* _PROVIDED MATERIAL_:
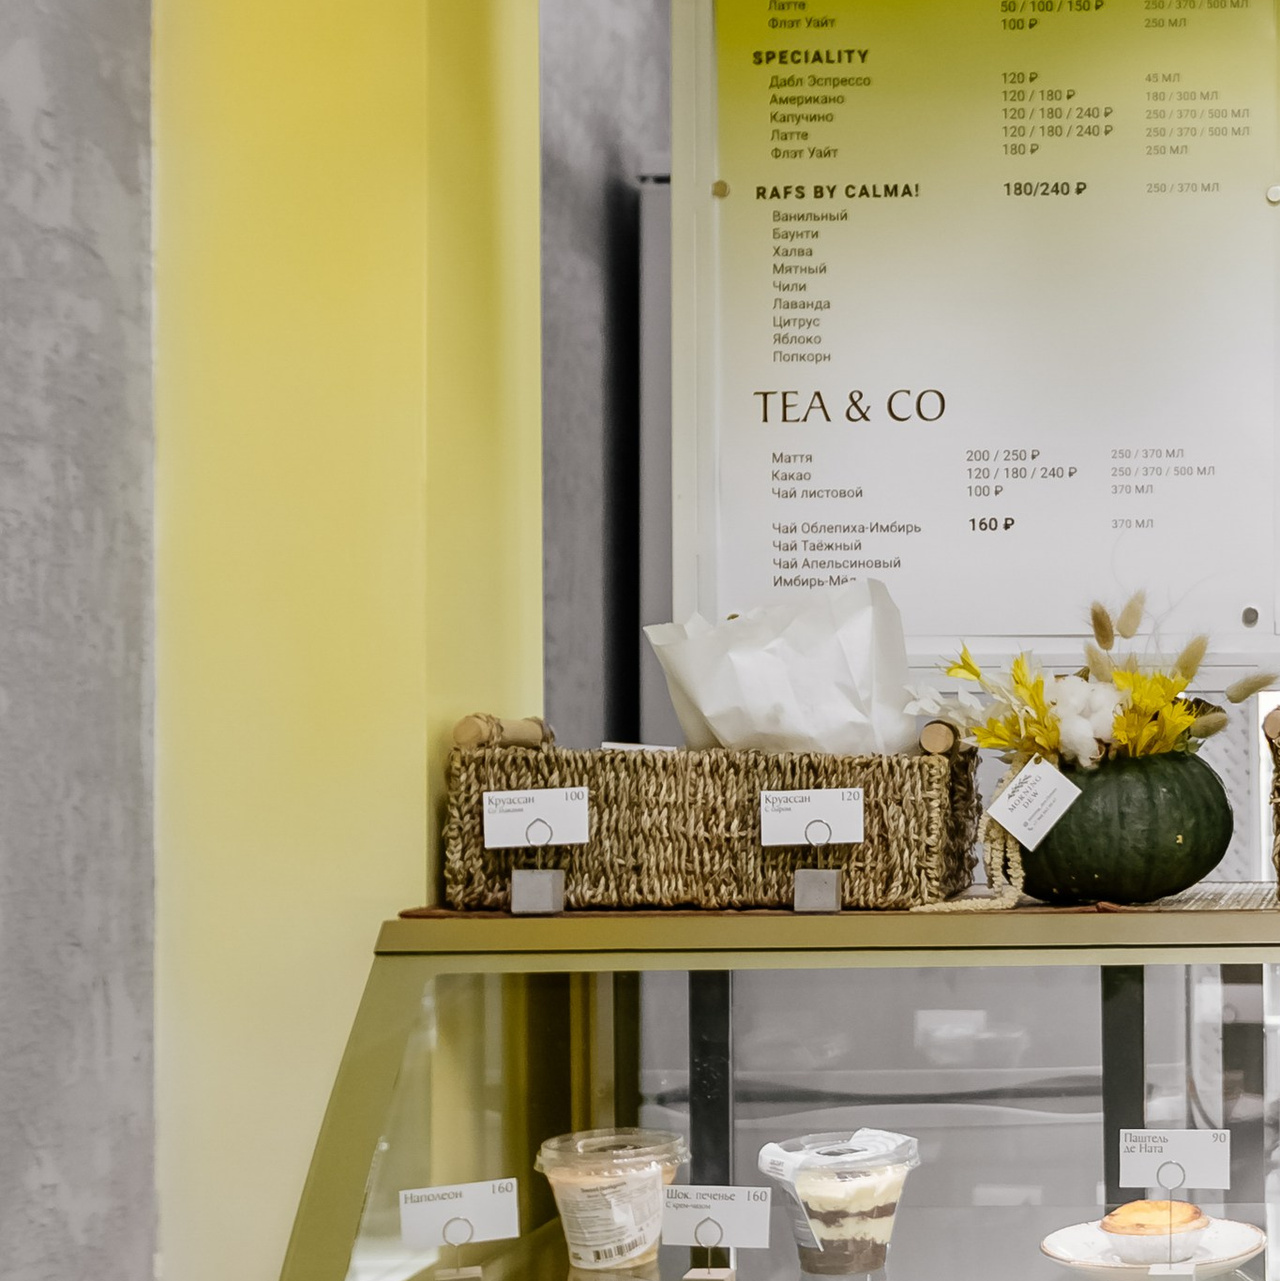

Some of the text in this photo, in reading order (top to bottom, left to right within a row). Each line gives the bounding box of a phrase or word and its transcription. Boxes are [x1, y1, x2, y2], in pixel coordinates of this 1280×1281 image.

[1000, 0, 1091, 13] 50 100 150
[767, 16, 836, 30] Флэт Уайт
[1001, 17, 1025, 31] 100
[752, 49, 869, 66] SPECIALITY
[768, 74, 872, 90] Дабл Эспрессо
[1001, 71, 1026, 85] 120
[769, 93, 845, 108] Американо
[1001, 88, 1063, 102] 120 180
[769, 110, 834, 126] Капучино
[1001, 106, 1100, 120] 120 180 240
[770, 128, 809, 142] Латте
[1001, 124, 1101, 138] 120 180 240
[770, 146, 839, 160] Флэт Уайт
[1002, 142, 1026, 156] 180
[756, 183, 919, 200] RAFS BY CALMA!
[1003, 181, 1071, 197] 180/240
[772, 208, 848, 223] Ванильный
[772, 227, 819, 243] Баунти
[772, 245, 813, 258] Халва
[772, 262, 827, 275] Мятный
[772, 280, 807, 293] Чили
[772, 297, 831, 312] Лаванда
[772, 315, 820, 330] Цитрус
[772, 332, 822, 345] Яблоко
[772, 350, 831, 365] Попкорн
[753, 389, 946, 423] TEA & CO
[771, 452, 813, 464] Маття
[965, 449, 1027, 462] 200 250
[771, 469, 812, 482] Какао
[967, 466, 1065, 480] 120 180 240
[771, 486, 863, 499] Чай листовой
[967, 484, 991, 498] 100
[772, 520, 922, 536] Чай Облепиха-Имбирь
[968, 517, 998, 532] 160
[772, 539, 862, 552] Чай Таёжный
[772, 556, 902, 570] Чай Апельсиновый
[564, 791, 584, 801] 100
[765, 795, 810, 806] Круассан
[841, 791, 860, 801] 120
[1008, 775, 1042, 813] MORNING
[1023, 791, 1039, 809] DEW
[488, 796, 534, 807] Круассан
[1124, 1133, 1168, 1143] Паштель
[1212, 1133, 1226, 1143] 90
[1124, 1144, 1163, 1153] де Ната
[492, 1182, 513, 1194] 160
[667, 1189, 691, 1199] Шок.
[404, 1191, 462, 1204] Наполеон
[747, 1191, 767, 1201] 160

* _WHAT YOU ARE ASKED TO DO_: Check each line above for the string "Уайт" and return those that contain it.

* _SOLVED EXERCISE_:
[767, 16, 836, 30] Флэт Уайт
[770, 146, 839, 160] Флэт Уайт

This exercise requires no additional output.